An Opportunity: Emerging Multipollutant Models
The growing development and use of multipollutant models suggests that a multipollutant approach to AQM is now viable. The current approach in the United States tends to ignore the interrelationships among pollutants. For the most part, planning and regulatory efforts have occurred without serious consideration of the linkages among pollutants and the commonality of their sources (the one exception being particles and visibility). At the very least, the effort to solve each air quality problem in isolation from the rest has probably resulted in missed opportunities to address different pollutants simultaneously.
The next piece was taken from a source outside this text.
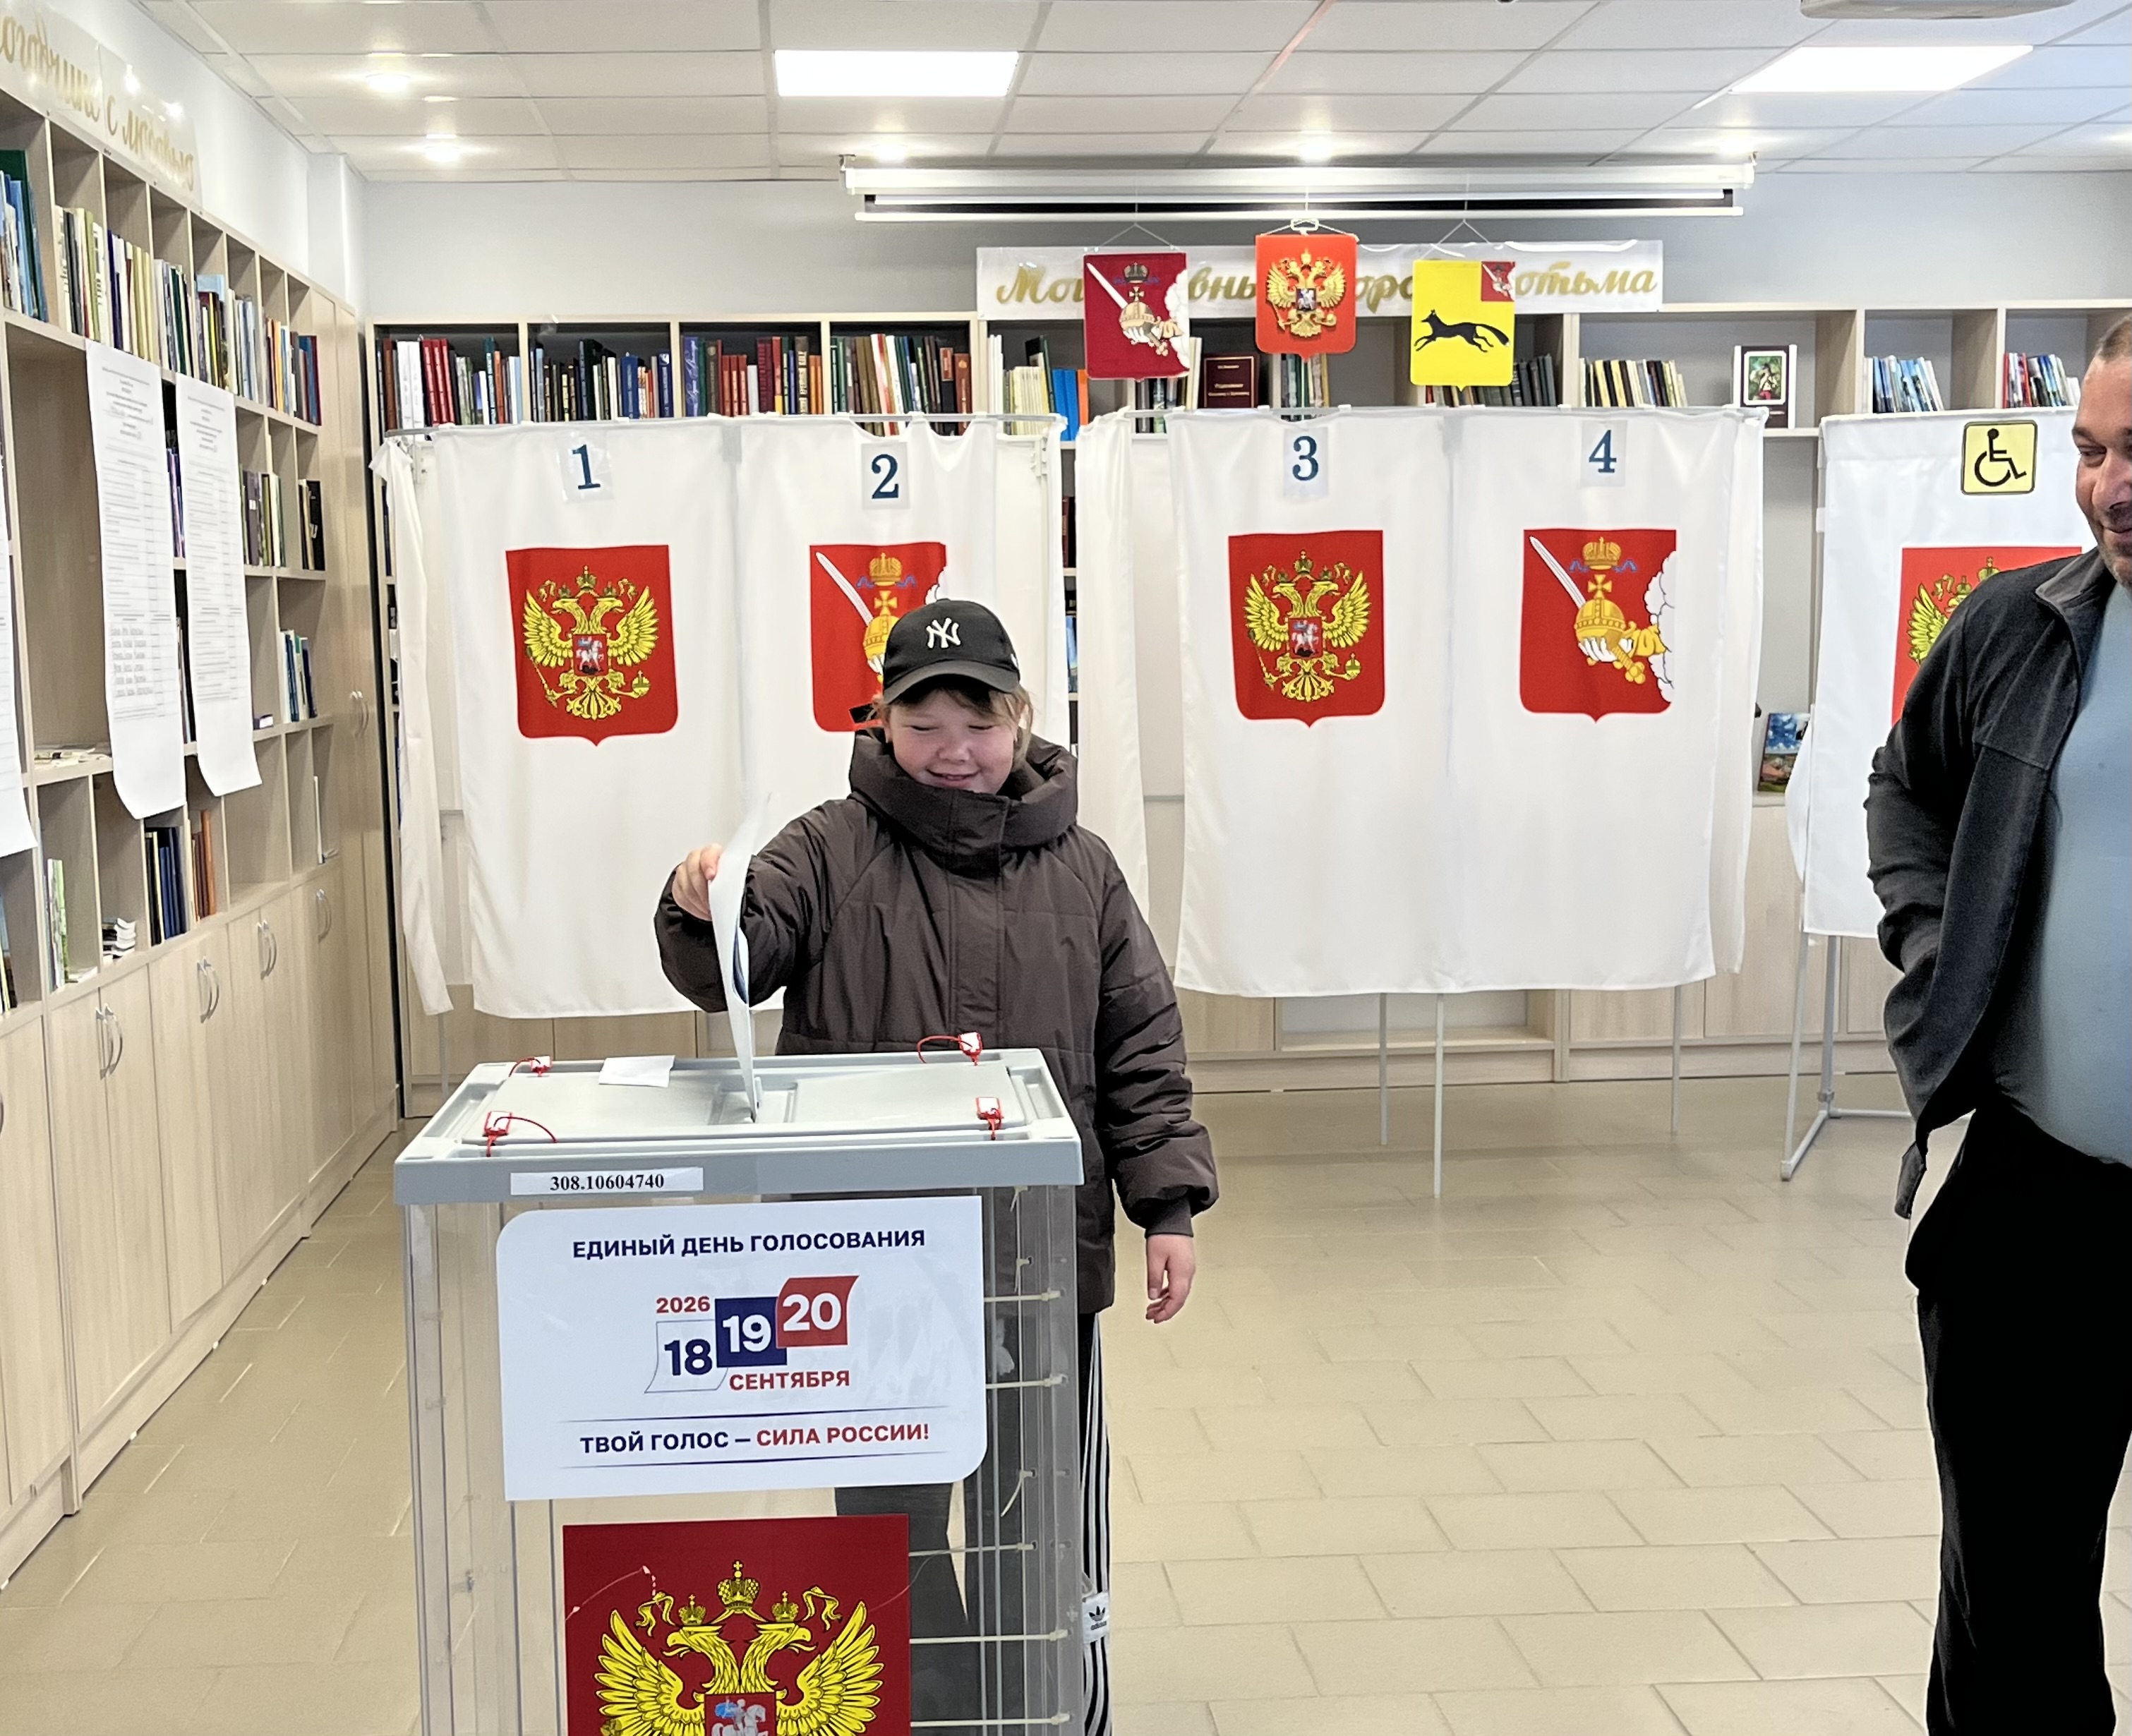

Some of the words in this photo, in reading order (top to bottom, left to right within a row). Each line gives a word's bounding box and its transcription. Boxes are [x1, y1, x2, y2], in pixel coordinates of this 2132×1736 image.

Future multipollutant modeling efforts should be enhanced to support strategies for simultaneous reduction of multiple pollutants.
Using the Weight-of-Evidence Approach in the Attainment Demonstration
In recognition of the uncertainties inherent in the use of the air quality models, EPA now encourages states to perform complementary analyses using available air quality, emission, and meteorological data along with outputs from alternative receptor- and observation-based models before arriving at a final target for the emission reductions that will be needed to meet attainment. These complimentary analyses can be used to assess the reasonableness of the results obtained from the air quality model simulations or as a weight-of-evidence determination that a given amount of emission reductions will be adequate to meet the NAAQS attainment standard.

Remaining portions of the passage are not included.